BEGIN RECORDS FOR THE EXERCISE

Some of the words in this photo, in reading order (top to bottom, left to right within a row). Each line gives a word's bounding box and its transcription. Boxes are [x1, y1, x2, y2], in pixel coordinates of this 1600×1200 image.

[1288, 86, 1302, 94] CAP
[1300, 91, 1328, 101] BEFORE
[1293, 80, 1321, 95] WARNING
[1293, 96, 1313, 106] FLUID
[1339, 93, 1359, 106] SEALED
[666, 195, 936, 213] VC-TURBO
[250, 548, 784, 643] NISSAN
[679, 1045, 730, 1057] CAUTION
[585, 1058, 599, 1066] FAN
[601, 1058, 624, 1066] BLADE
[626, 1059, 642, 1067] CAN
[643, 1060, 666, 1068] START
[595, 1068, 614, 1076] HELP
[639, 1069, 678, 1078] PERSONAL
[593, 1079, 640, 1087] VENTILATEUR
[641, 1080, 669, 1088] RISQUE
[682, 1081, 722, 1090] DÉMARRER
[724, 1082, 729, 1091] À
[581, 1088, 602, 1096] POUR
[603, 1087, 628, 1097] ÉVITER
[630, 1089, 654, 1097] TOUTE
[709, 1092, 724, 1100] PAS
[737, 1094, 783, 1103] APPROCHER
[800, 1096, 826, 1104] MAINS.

END RECORDS FOR THE EXERCISE

EXERCISE OBJECTIVE:
Copy every line of the records word for word.

TASK SOLUTION:
Some of the words in this photo, in reading order (top to bottom, left to right within a row). Each line gives a word's bounding box and its transcription. Boxes are [x1, y1, x2, y2], in pixel coordinates of this 1600×1200 image.

[1288, 86, 1302, 94] CAP
[1300, 91, 1328, 101] BEFORE
[1293, 80, 1321, 95] WARNING
[1293, 96, 1313, 106] FLUID
[1339, 93, 1359, 106] SEALED
[666, 195, 936, 213] VC-TURBO
[250, 548, 784, 643] NISSAN
[679, 1045, 730, 1057] CAUTION
[585, 1058, 599, 1066] FAN
[601, 1058, 624, 1066] BLADE
[626, 1059, 642, 1067] CAN
[643, 1060, 666, 1068] START
[595, 1068, 614, 1076] HELP
[639, 1069, 678, 1078] PERSONAL
[593, 1079, 640, 1087] VENTILATEUR
[641, 1080, 669, 1088] RISQUE
[682, 1081, 722, 1090] DÉMARRER
[724, 1082, 729, 1091] À
[581, 1088, 602, 1096] POUR
[603, 1087, 628, 1097] ÉVITER
[630, 1089, 654, 1097] TOUTE
[709, 1092, 724, 1100] PAS
[737, 1094, 783, 1103] APPROCHER
[800, 1096, 826, 1104] MAINS.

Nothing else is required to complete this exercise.